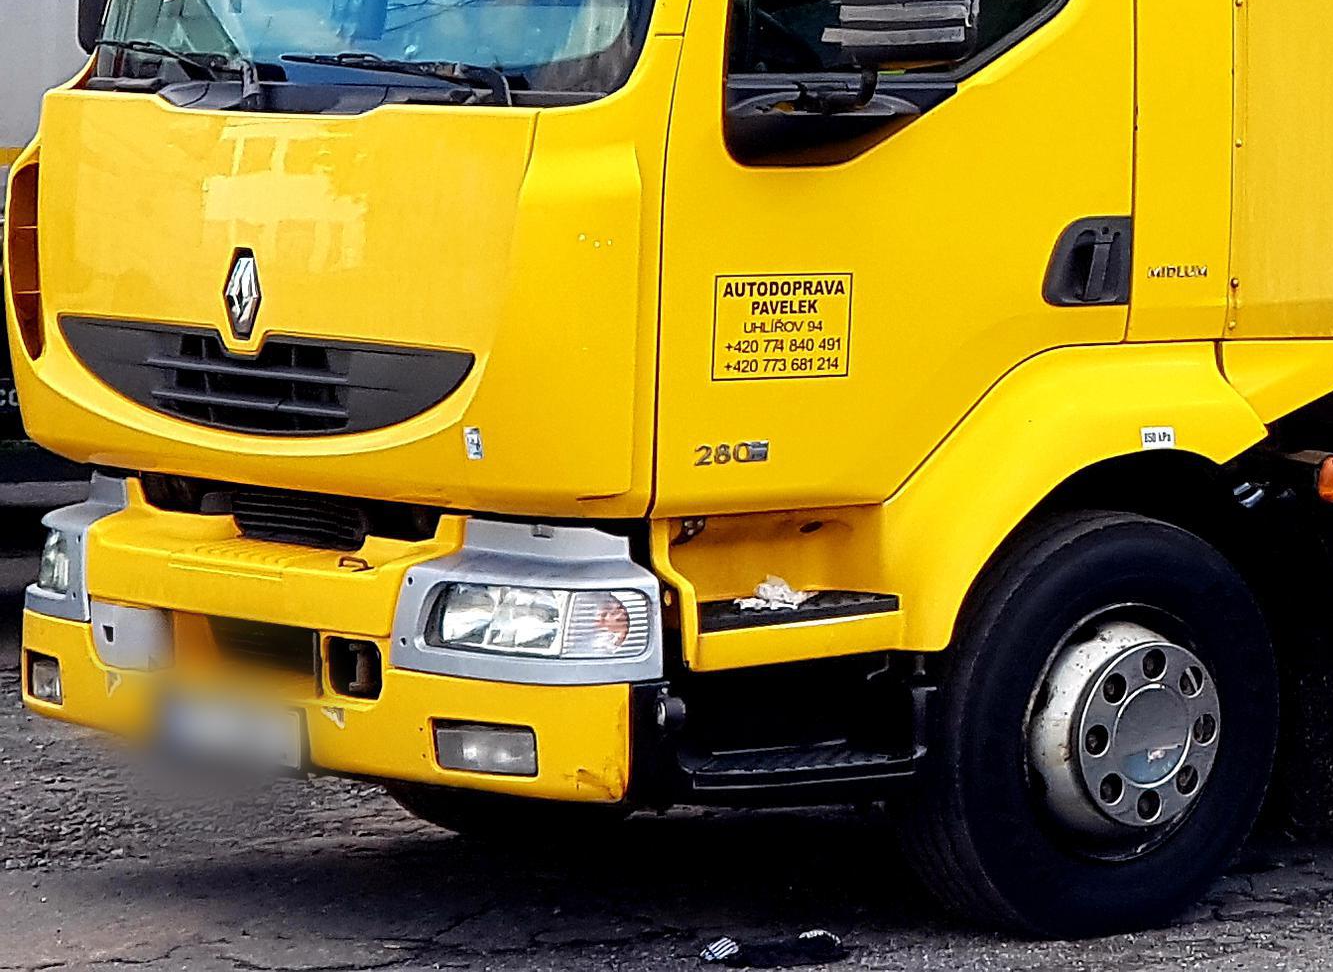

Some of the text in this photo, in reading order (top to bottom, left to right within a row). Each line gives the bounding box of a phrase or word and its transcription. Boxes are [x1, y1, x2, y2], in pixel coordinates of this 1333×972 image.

[1147, 265, 1207, 278] MIDLUM
[723, 280, 846, 298] AUTODOPRAVA
[751, 299, 818, 316] PAVELEK
[743, 318, 824, 334] UHLÍŘOV 94
[725, 337, 842, 354] +420 774 840 491
[724, 357, 839, 373] +420 773 681 214
[694, 442, 750, 467] 280

Task details
Your reply must match the data above line for line, except that it holds no pictures.

Task solution
Some of the text in this photo, in reading order (top to bottom, left to right within a row). Each line gives the bounding box of a phrase or word and its transcription. Boxes are [x1, y1, x2, y2], in pixel coordinates of this 1333×972 image.

[1147, 265, 1207, 278] MIDLUM
[723, 280, 846, 298] AUTODOPRAVA
[751, 299, 818, 316] PAVELEK
[743, 318, 824, 334] UHLÍŘOV 94
[725, 337, 842, 354] +420 774 840 491
[724, 357, 839, 373] +420 773 681 214
[694, 442, 750, 467] 280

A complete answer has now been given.